- [EXERCISE OBJECTIVE]: Your answer must restate each entry below word for word, with no pictures in it.
──────
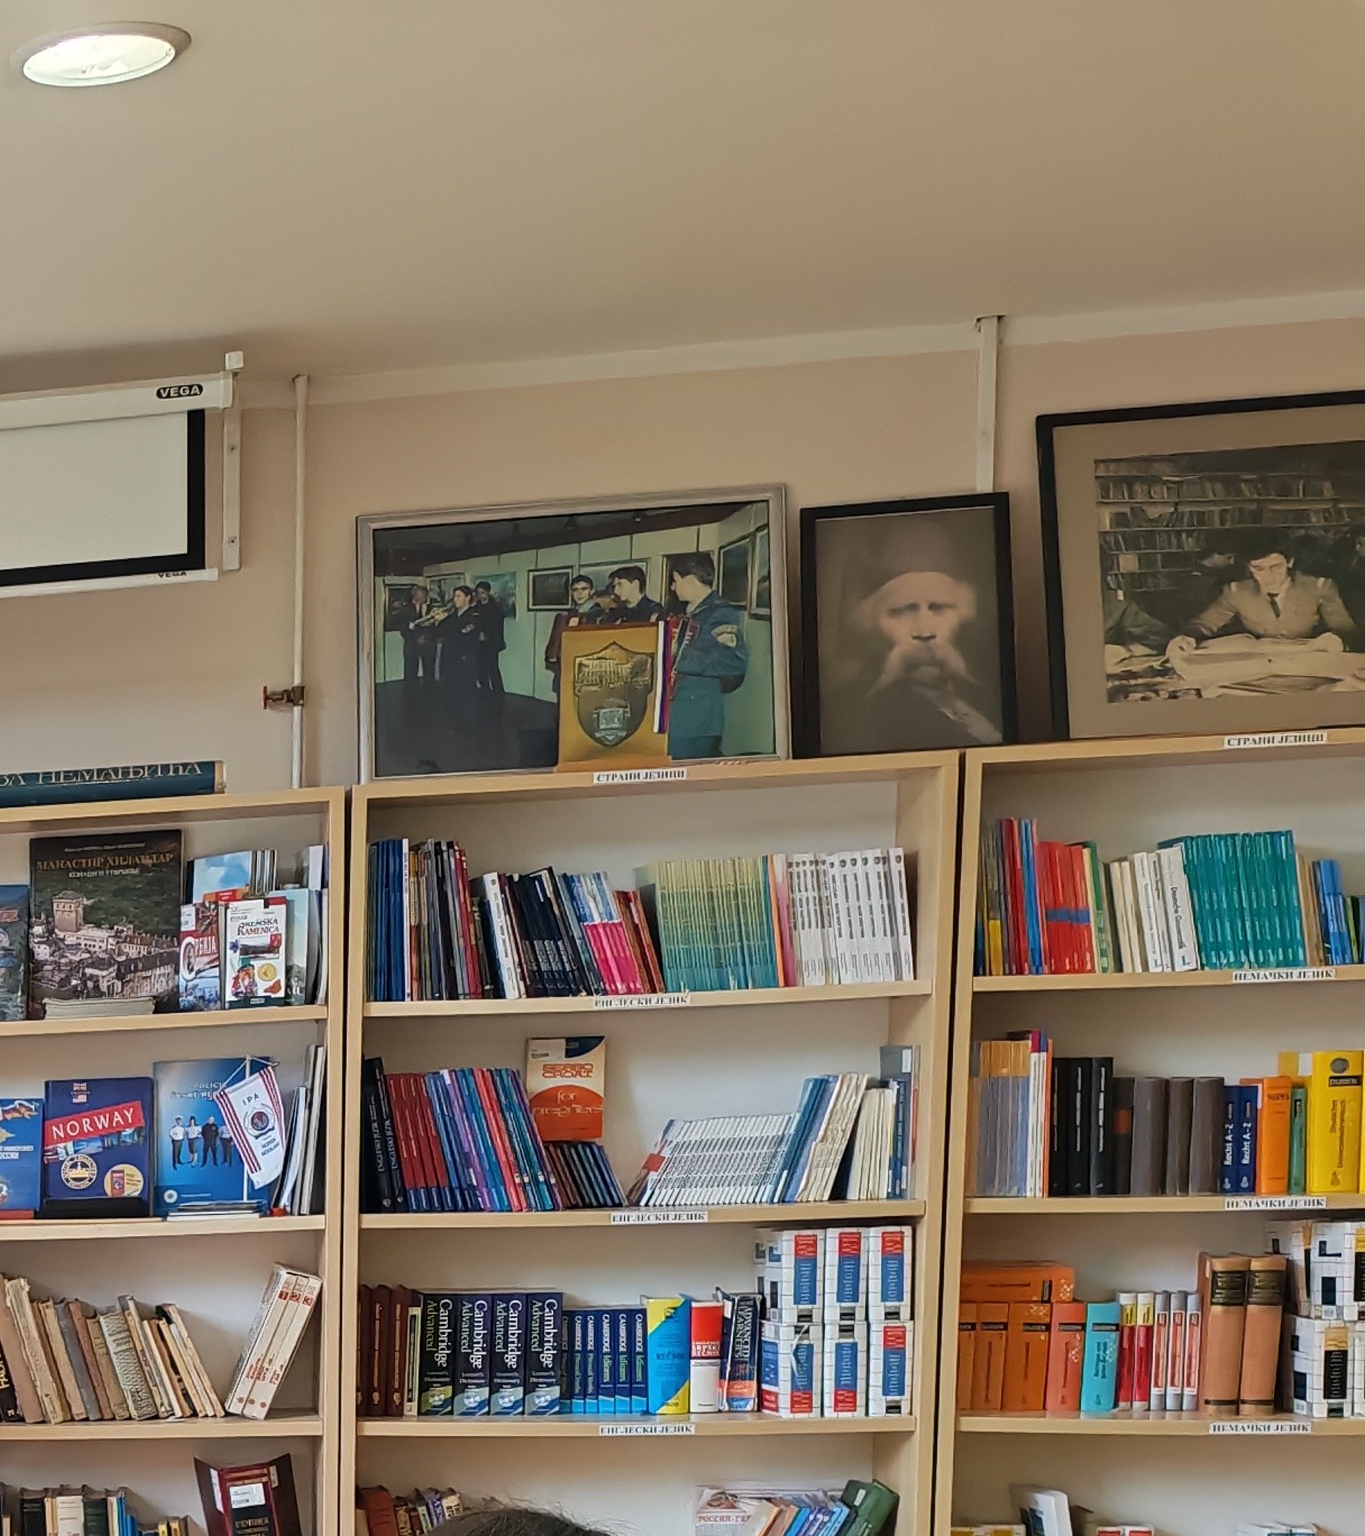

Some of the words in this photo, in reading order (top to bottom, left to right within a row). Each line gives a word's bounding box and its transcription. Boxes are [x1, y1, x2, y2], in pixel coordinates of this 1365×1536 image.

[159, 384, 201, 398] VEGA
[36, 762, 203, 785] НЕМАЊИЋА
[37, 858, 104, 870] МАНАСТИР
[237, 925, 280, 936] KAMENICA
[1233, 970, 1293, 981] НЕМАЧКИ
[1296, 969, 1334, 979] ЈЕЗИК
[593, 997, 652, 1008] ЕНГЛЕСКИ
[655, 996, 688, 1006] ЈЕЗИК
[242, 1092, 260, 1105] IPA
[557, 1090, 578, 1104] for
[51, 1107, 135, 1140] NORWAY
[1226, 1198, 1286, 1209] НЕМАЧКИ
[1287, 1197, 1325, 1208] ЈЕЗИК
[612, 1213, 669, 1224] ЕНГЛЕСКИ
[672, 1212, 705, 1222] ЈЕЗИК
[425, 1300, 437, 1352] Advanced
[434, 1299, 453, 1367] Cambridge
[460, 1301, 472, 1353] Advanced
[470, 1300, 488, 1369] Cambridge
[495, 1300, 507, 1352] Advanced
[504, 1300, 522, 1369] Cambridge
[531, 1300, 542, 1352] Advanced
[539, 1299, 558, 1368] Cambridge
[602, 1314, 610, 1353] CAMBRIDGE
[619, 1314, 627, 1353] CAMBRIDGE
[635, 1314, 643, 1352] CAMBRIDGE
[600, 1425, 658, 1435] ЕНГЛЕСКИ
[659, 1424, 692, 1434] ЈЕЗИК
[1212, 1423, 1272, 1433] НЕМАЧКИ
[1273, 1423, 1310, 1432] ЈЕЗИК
──────
- [OUTPUT OF THE TASK]:
Some of the words in this photo, in reading order (top to bottom, left to right within a row). Each line gives a word's bounding box and its transcription. Boxes are [x1, y1, x2, y2], in pixel coordinates of this 1365×1536 image.

[159, 384, 201, 398] VEGA
[36, 762, 203, 785] НЕМАЊИЋА
[37, 858, 104, 870] МАНАСТИР
[237, 925, 280, 936] KAMENICA
[1233, 970, 1293, 981] НЕМАЧКИ
[1296, 969, 1334, 979] ЈЕЗИК
[593, 997, 652, 1008] ЕНГЛЕСКИ
[655, 996, 688, 1006] ЈЕЗИК
[242, 1092, 260, 1105] IPA
[557, 1090, 578, 1104] for
[51, 1107, 135, 1140] NORWAY
[1226, 1198, 1286, 1209] НЕМАЧКИ
[1287, 1197, 1325, 1208] ЈЕЗИК
[612, 1213, 669, 1224] ЕНГЛЕСКИ
[672, 1212, 705, 1222] ЈЕЗИК
[425, 1300, 437, 1352] Advanced
[434, 1299, 453, 1367] Cambridge
[460, 1301, 472, 1353] Advanced
[470, 1300, 488, 1369] Cambridge
[495, 1300, 507, 1352] Advanced
[504, 1300, 522, 1369] Cambridge
[531, 1300, 542, 1352] Advanced
[539, 1299, 558, 1368] Cambridge
[602, 1314, 610, 1353] CAMBRIDGE
[619, 1314, 627, 1353] CAMBRIDGE
[635, 1314, 643, 1352] CAMBRIDGE
[600, 1425, 658, 1435] ЕНГЛЕСКИ
[659, 1424, 692, 1434] ЈЕЗИК
[1212, 1423, 1272, 1433] НЕМАЧКИ
[1273, 1423, 1310, 1432] ЈЕЗИК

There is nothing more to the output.